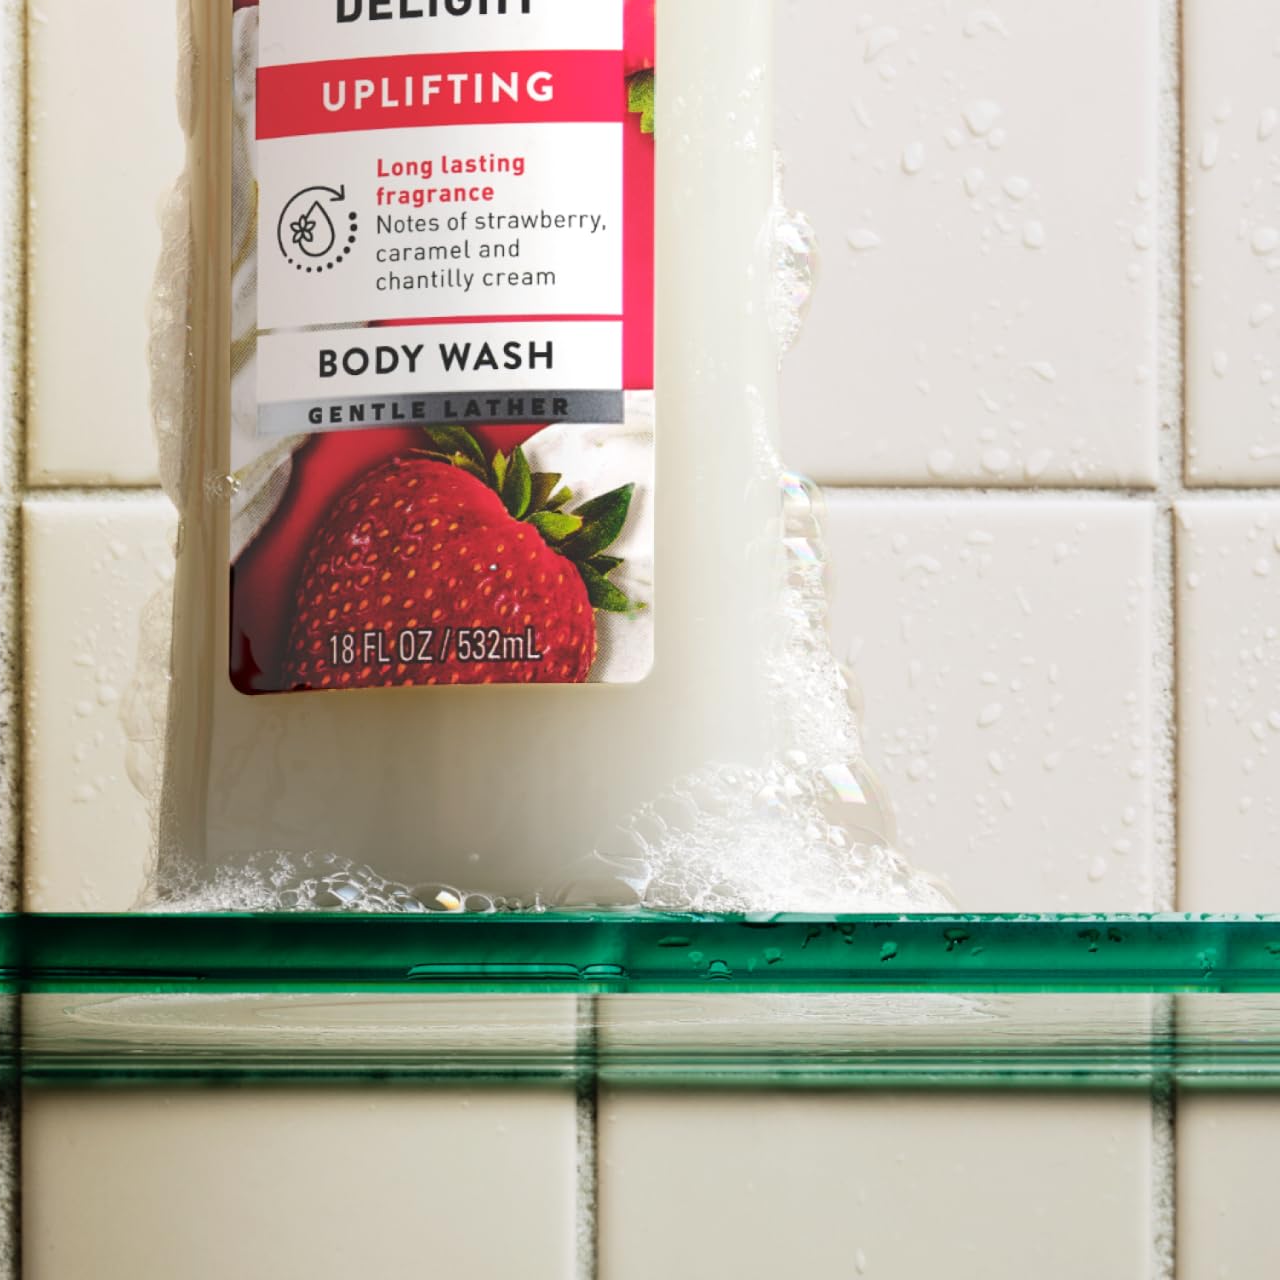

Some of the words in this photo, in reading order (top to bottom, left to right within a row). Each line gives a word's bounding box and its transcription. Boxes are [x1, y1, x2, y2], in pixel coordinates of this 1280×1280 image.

[322, 71, 555, 112] UPLIFTING
[377, 158, 433, 180] Long
[440, 154, 525, 177] lasting
[376, 183, 495, 206] fragrance
[376, 214, 440, 234] Notes
[447, 211, 468, 230] of
[474, 210, 607, 233] strawberry,
[376, 241, 471, 263] caramel
[479, 239, 520, 259] and
[376, 269, 474, 292] chantilly
[481, 267, 556, 288] cream
[319, 344, 424, 378] BODY
[439, 341, 554, 371] WASH
[308, 400, 425, 425] GENTLE
[444, 398, 570, 419] LATHER
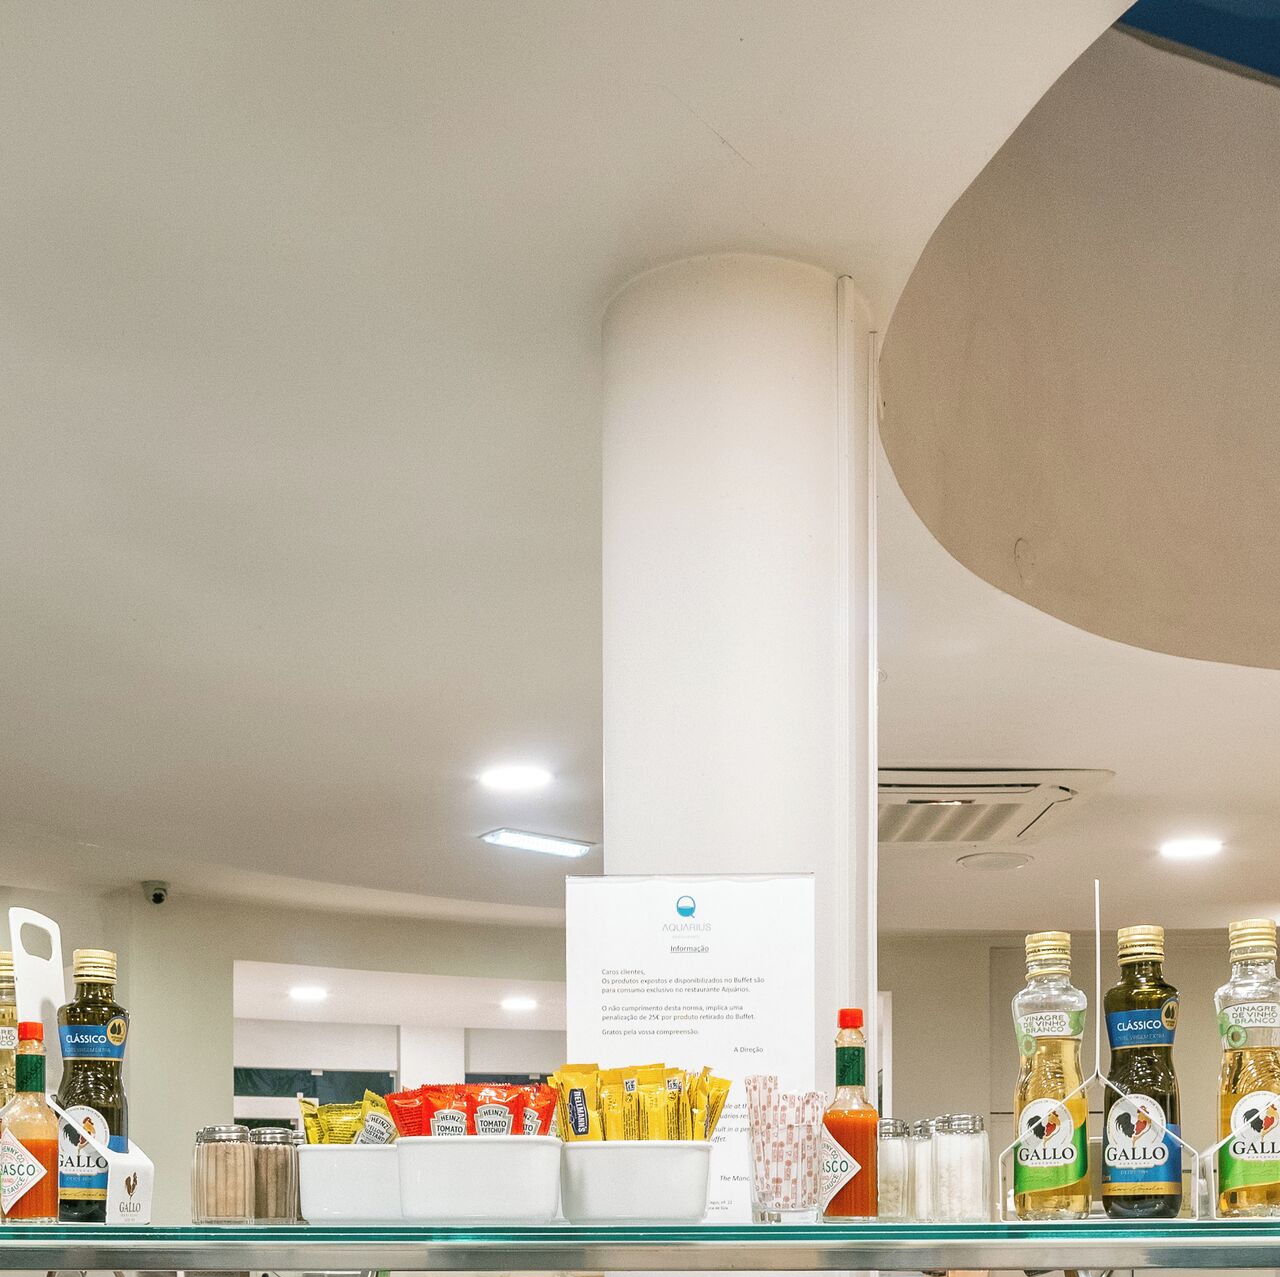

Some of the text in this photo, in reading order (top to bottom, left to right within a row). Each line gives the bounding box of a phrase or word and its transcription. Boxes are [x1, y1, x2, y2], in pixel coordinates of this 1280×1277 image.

[662, 923, 712, 932] AQUARIUS
[670, 945, 710, 953] Informação
[674, 977, 723, 985] disponibilizados
[705, 1004, 728, 1012] implica
[1233, 1004, 1277, 1013] VINAGRE
[601, 1013, 638, 1021] penalização
[1023, 1013, 1065, 1023] VINAGRE
[1246, 1010, 1278, 1018] VINHO
[1034, 1020, 1067, 1028] VINHO
[1234, 1017, 1277, 1025] BRANCO
[1117, 1019, 1162, 1032] CLÁSSICO
[623, 1028, 637, 1036] pela
[1025, 1026, 1064, 1034] BRANCO
[65, 1033, 107, 1044] CLÁSSICO
[483, 1109, 504, 1117] HEINZ
[440, 1114, 461, 1123] HEINZ
[371, 1116, 389, 1130] HEINZ
[479, 1120, 507, 1128] TOMATO
[436, 1125, 464, 1133] TOMATO
[1019, 1147, 1074, 1162] GALLO
[1106, 1146, 1166, 1161] GALLO
[1, 1163, 36, 1176] ASCO
[119, 1201, 142, 1213] GALLO
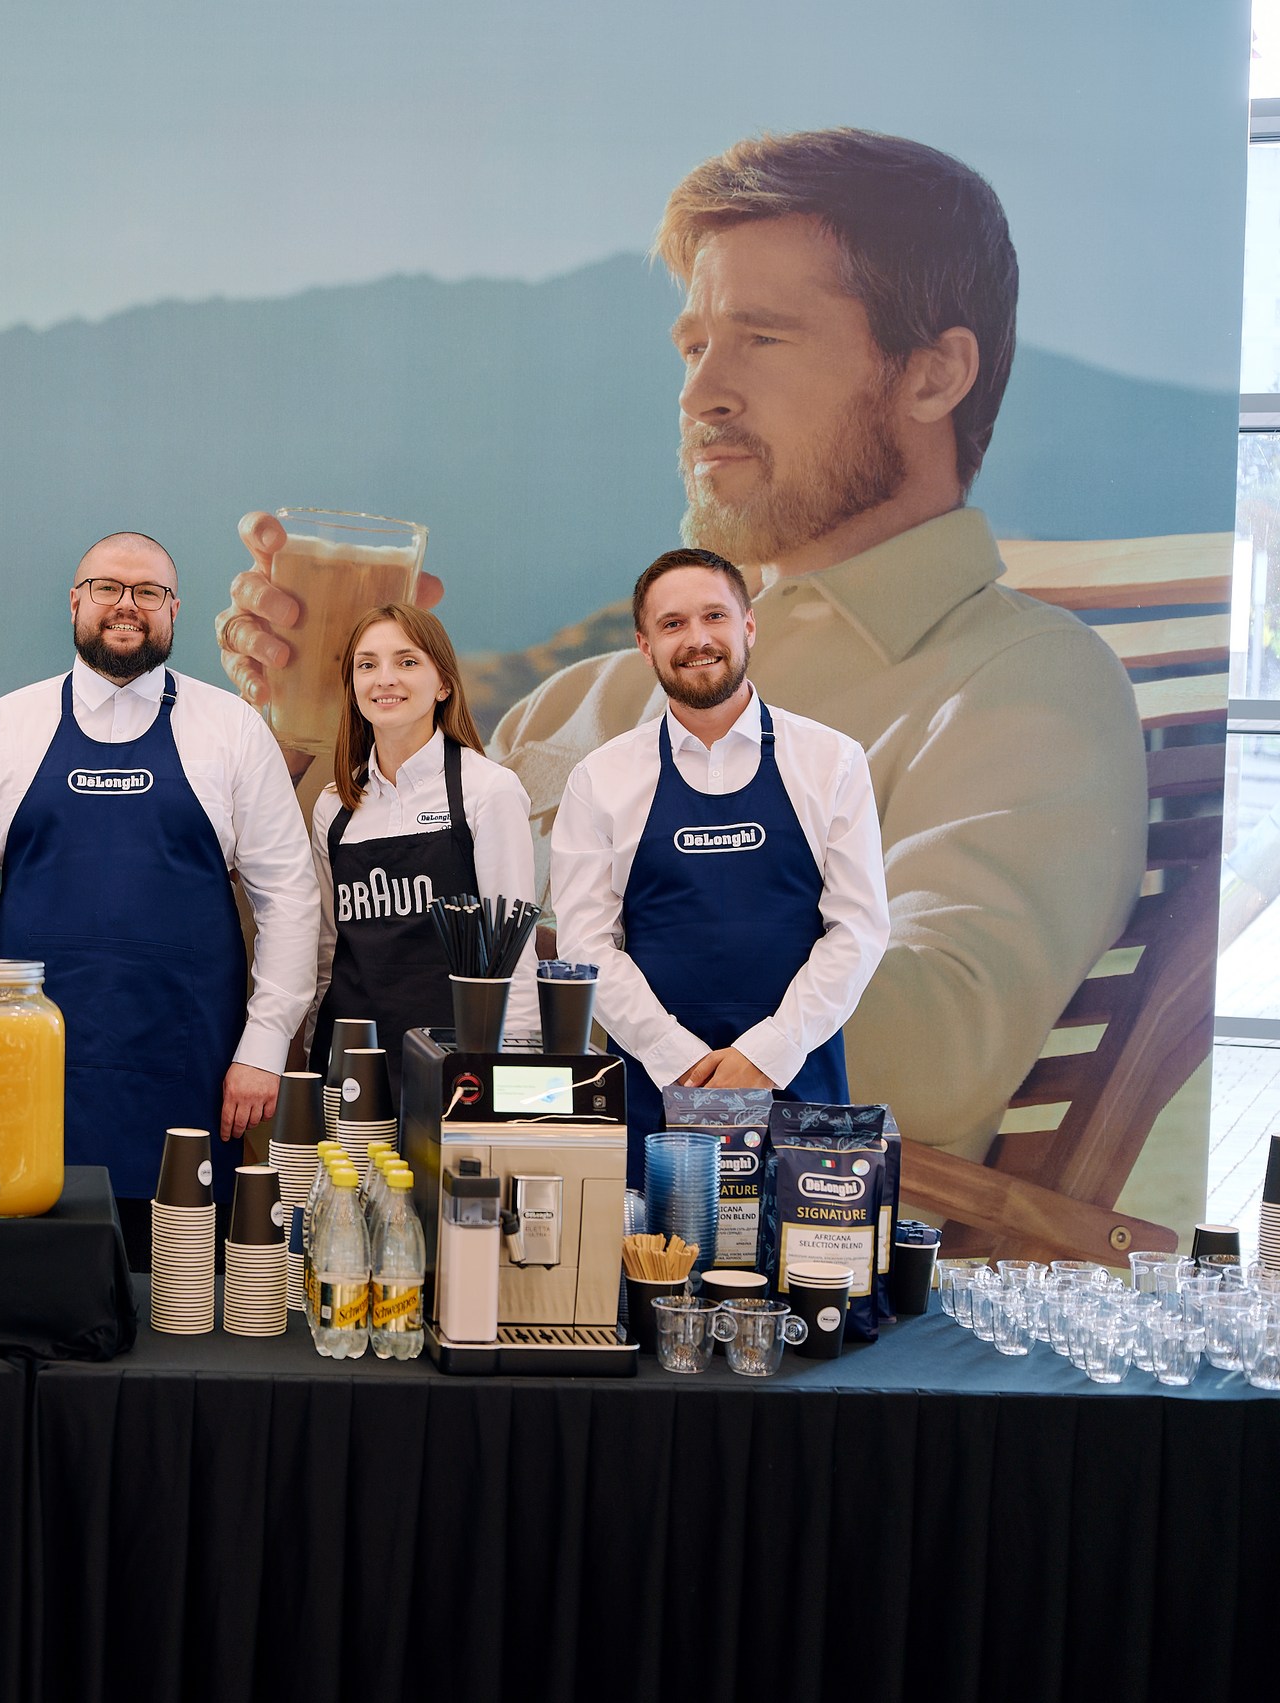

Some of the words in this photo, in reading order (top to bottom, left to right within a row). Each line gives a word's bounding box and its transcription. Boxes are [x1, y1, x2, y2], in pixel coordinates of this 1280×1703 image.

[338, 867, 433, 921] BRAUN
[720, 1157, 752, 1171] onghi
[720, 1185, 758, 1195] ATURE
[797, 1206, 866, 1220] SIGNATURE
[814, 1234, 851, 1242] AFRICANA
[799, 1240, 839, 1249] SELECTION
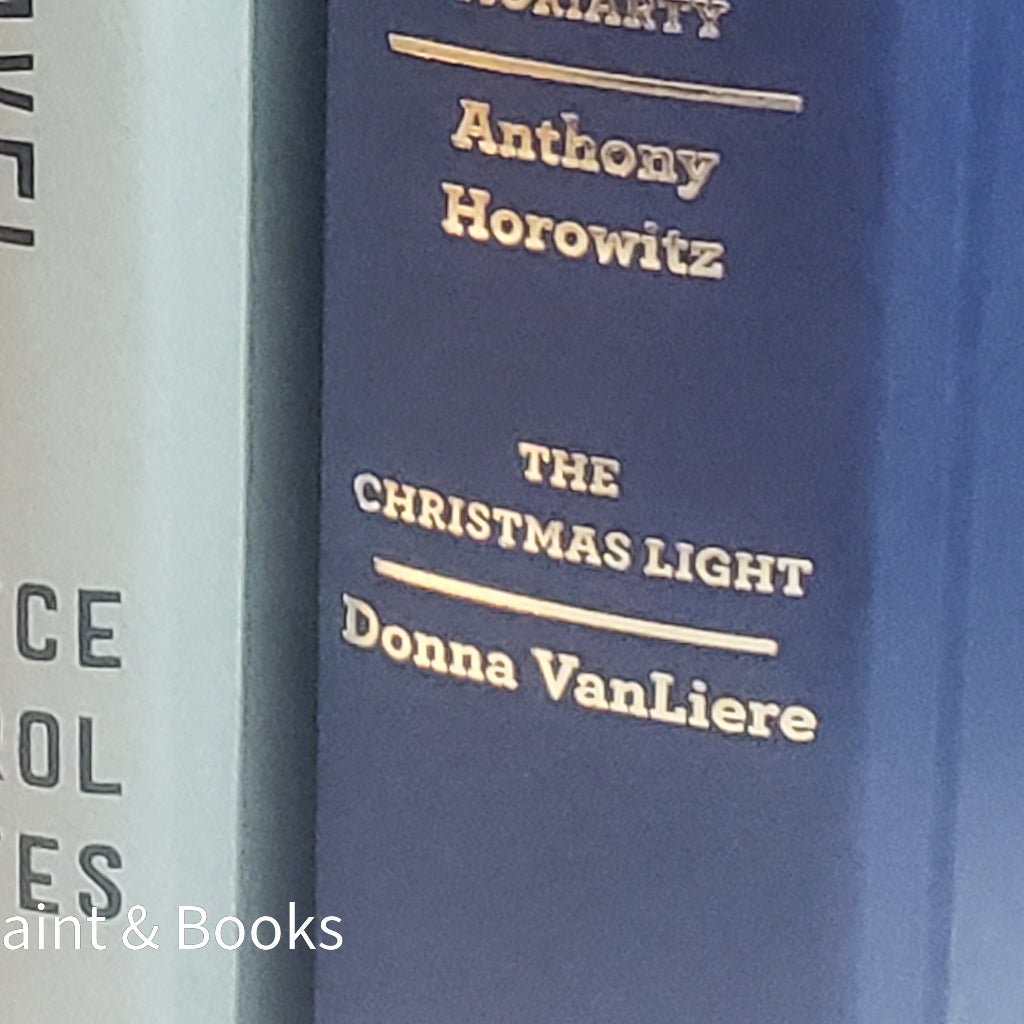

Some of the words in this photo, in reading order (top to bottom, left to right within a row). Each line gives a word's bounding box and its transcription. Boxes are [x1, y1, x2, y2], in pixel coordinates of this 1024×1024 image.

[450, 98, 721, 202] Anthony
[441, 182, 725, 280] Horowitz
[518, 441, 621, 499] THE
[353, 472, 632, 571] CHRISTMAS
[643, 538, 814, 598] LIGHT
[342, 593, 519, 691] Donna
[530, 647, 819, 743] VanLiere

________

▶ _Work instructions_
Repeat each record verbatim, pictures excluded.

▶ _Answer to this exercise_
Some of the words in this photo, in reading order (top to bottom, left to right within a row). Each line gives a word's bounding box and its transcription. Boxes are [x1, y1, x2, y2], in pixel coordinates of this 1280×1280 image.

[322, 71, 555, 112] UPLIFTING
[377, 158, 433, 180] Long
[440, 154, 525, 177] lasting
[376, 183, 495, 206] fragrance
[376, 214, 440, 234] Notes
[447, 211, 468, 230] of
[474, 210, 607, 233] strawberry,
[376, 241, 471, 263] caramel
[479, 239, 520, 259] and
[376, 269, 474, 292] chantilly
[481, 267, 556, 288] cream
[319, 344, 424, 378] BODY
[439, 341, 554, 371] WASH
[308, 400, 425, 425] GENTLE
[444, 398, 570, 419] LATHER

Some of the text in this photo, in reading order (top to bottom, left to right within a row). Each line gives the bounding box of a phrase or word and its transcription. Boxes are [x1, y1, x2, y2], in pixel coordinates of this 1280×1277 image.

[662, 923, 712, 932] AQUARIUS
[670, 945, 710, 953] Informação
[674, 977, 723, 985] disponibilizados
[705, 1004, 728, 1012] implica
[1233, 1004, 1277, 1013] VINAGRE
[601, 1013, 638, 1021] penalização
[1023, 1013, 1065, 1023] VINAGRE
[1246, 1010, 1278, 1018] VINHO
[1034, 1020, 1067, 1028] VINHO
[1234, 1017, 1277, 1025] BRANCO
[1117, 1019, 1162, 1032] CLÁSSICO
[623, 1028, 637, 1036] pela
[1025, 1026, 1064, 1034] BRANCO
[65, 1033, 107, 1044] CLÁSSICO
[483, 1109, 504, 1117] HEINZ
[440, 1114, 461, 1123] HEINZ
[371, 1116, 389, 1130] HEINZ
[479, 1120, 507, 1128] TOMATO
[436, 1125, 464, 1133] TOMATO
[1019, 1147, 1074, 1162] GALLO
[1106, 1146, 1166, 1161] GALLO
[1, 1163, 36, 1176] ASCO
[119, 1201, 142, 1213] GALLO

Some of the words in this photo, in reading order (top to bottom, left to right within a row). Each line gives a word's bounding box and its transcription. Boxes are [x1, y1, x2, y2], in pixel coordinates of this 1280×1703 image.

[338, 867, 433, 921] BRAUN
[720, 1157, 752, 1171] onghi
[720, 1185, 758, 1195] ATURE
[797, 1206, 866, 1220] SIGNATURE
[814, 1234, 851, 1242] AFRICANA
[799, 1240, 839, 1249] SELECTION

Some of the words in this photo, in reading order (top to bottom, left to right within a row). Each line gives a word's bounding box and its transcription. Boxes are [x1, y1, x2, y2], in pixel coordinates of this 1024×1024 image.

[450, 98, 721, 202] Anthony
[441, 182, 725, 280] Horowitz
[518, 441, 621, 499] THE
[353, 472, 632, 571] CHRISTMAS
[643, 538, 814, 598] LIGHT
[342, 593, 519, 691] Donna
[530, 647, 819, 743] VanLiere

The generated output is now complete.